A key factor in controlling allergic asthma is controlling allergic rhinitis symptoms.
Therapy depends on the severity of disease as well as age of patient. In 2020, the National Asthma Education and Prevention Program (NAEPP) Expert Panel from the National Heart, Lung, and Blood Institute (NHLBI) released updated guidelines on the diagnosis and management of asthma. These guidelines use a stepwise treatment approach based on age and severity of the asthmatic treated.[32]
Table.
![]() View Table | See Table |
Symptoms and SABA use should be reassessed after starting treatment. If patients are well-controlled for 3 months, step-down therapy may be employed. Conversely, if a patient’s symptoms are not well controlled, step-up therapy is warranted.
All patients with asthma should have an albuterol metered-dose inhaler (MDI) (or nebulizers for young children) to use as needed for acute symptoms but the newest GINA guidelines state ICS-LABA (LABA=formoterol) can be used in adolescents and adults for the as needed medication (please see overview of GINA guidelines below).
Patients with exercise-induced bronchospasm (EIB) should receive short-acting beta2-agonist treatment 15–20 minutes prior to exercise and/or montelukast at least 2 hours prior to exercise.

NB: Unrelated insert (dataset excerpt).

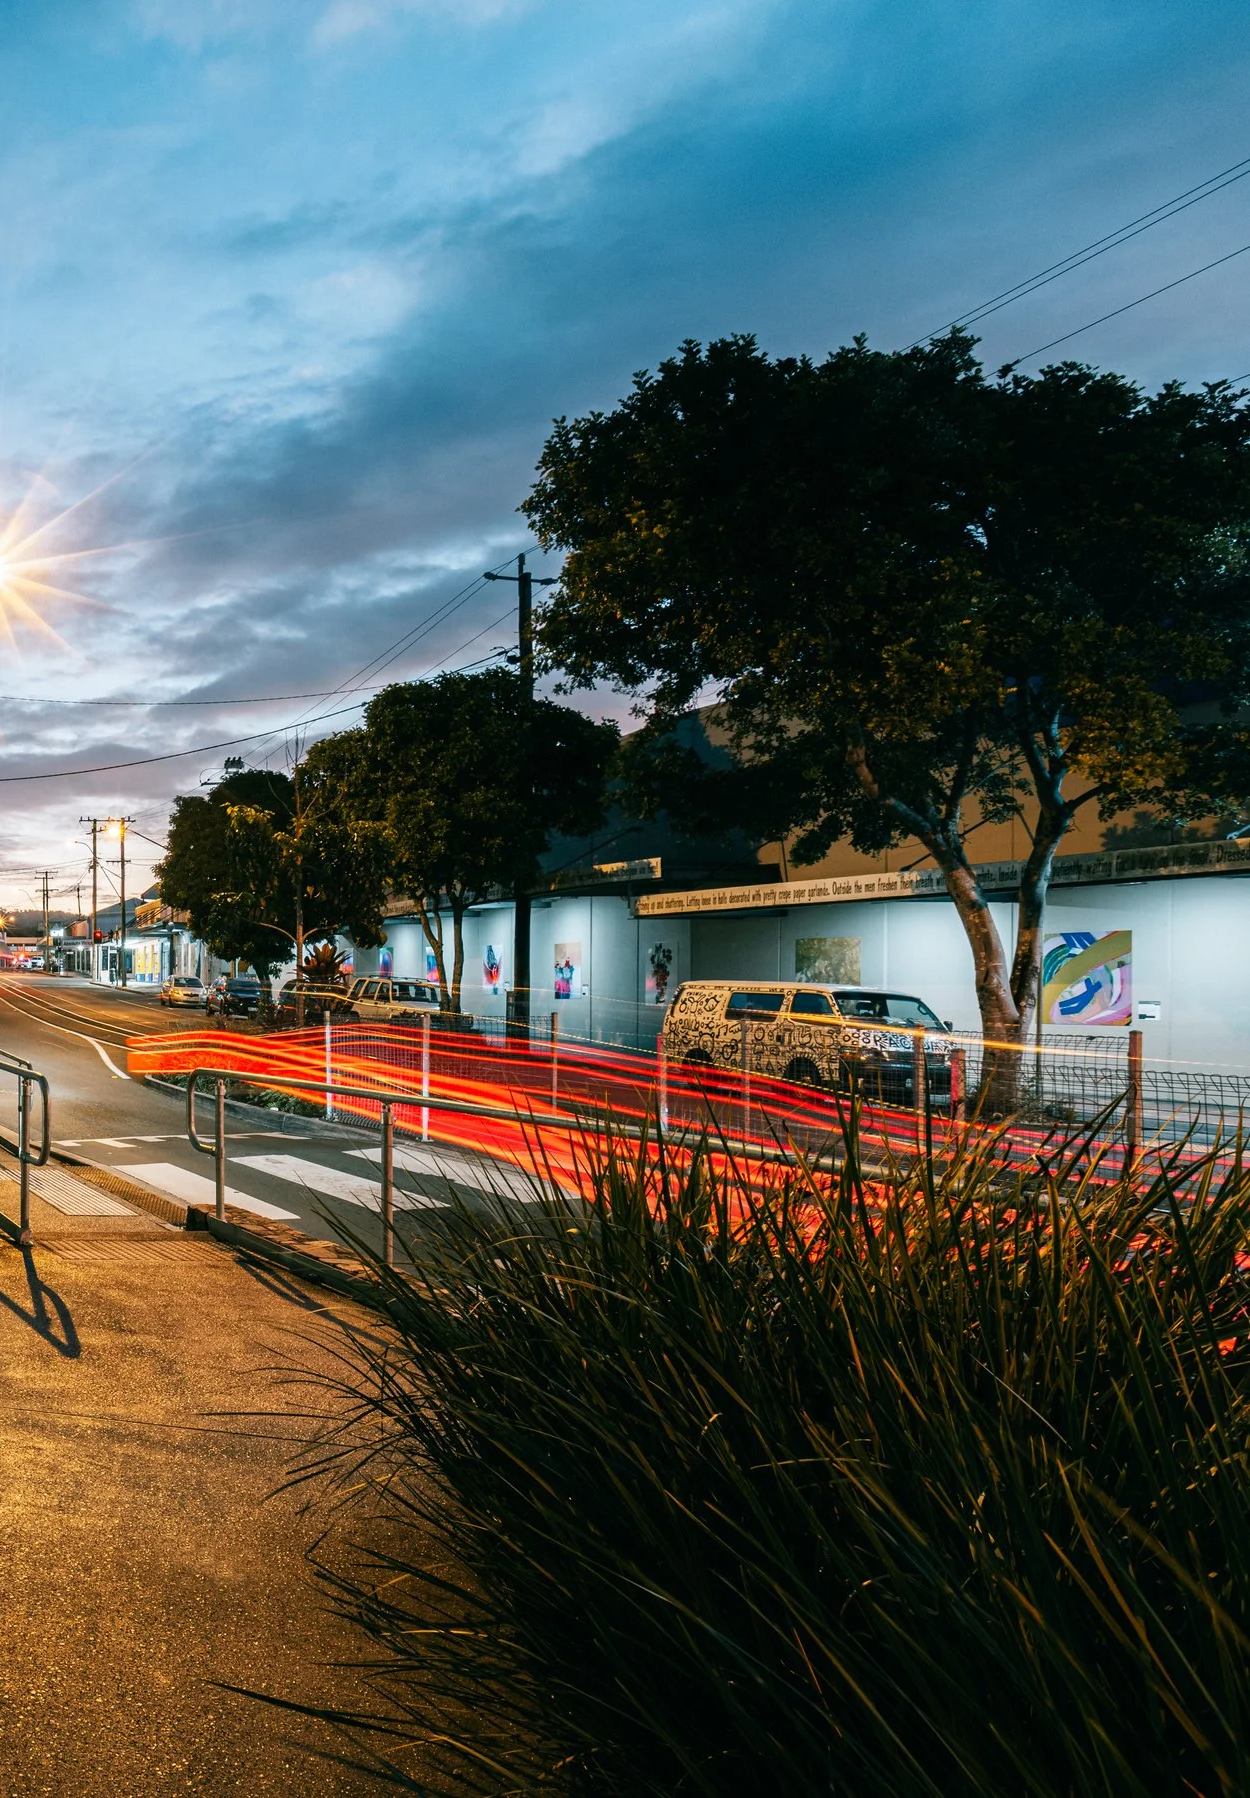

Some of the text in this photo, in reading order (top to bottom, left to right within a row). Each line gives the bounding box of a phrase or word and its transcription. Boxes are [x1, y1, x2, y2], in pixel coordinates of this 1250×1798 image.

Systemic corticosteroid bursts may need to be used for exacerbations of severe cases.
Patients with allergic asthma may respond well to specific allergen immunotherapy. This is recommended from Steps 2–4 in patients 5 years or older.[32]
In patients 12 years or older refractory to the usual medications (Steps 5 and 6) who have antigen-specific IgE to perennial environmental aeroallergens, may benefit from therapy with omalizumab, a humanized monoclonal antibody that prevents binding of IgE to high-affinity IgE receptors on mast cells and basophils.[46, 47, 48, 32]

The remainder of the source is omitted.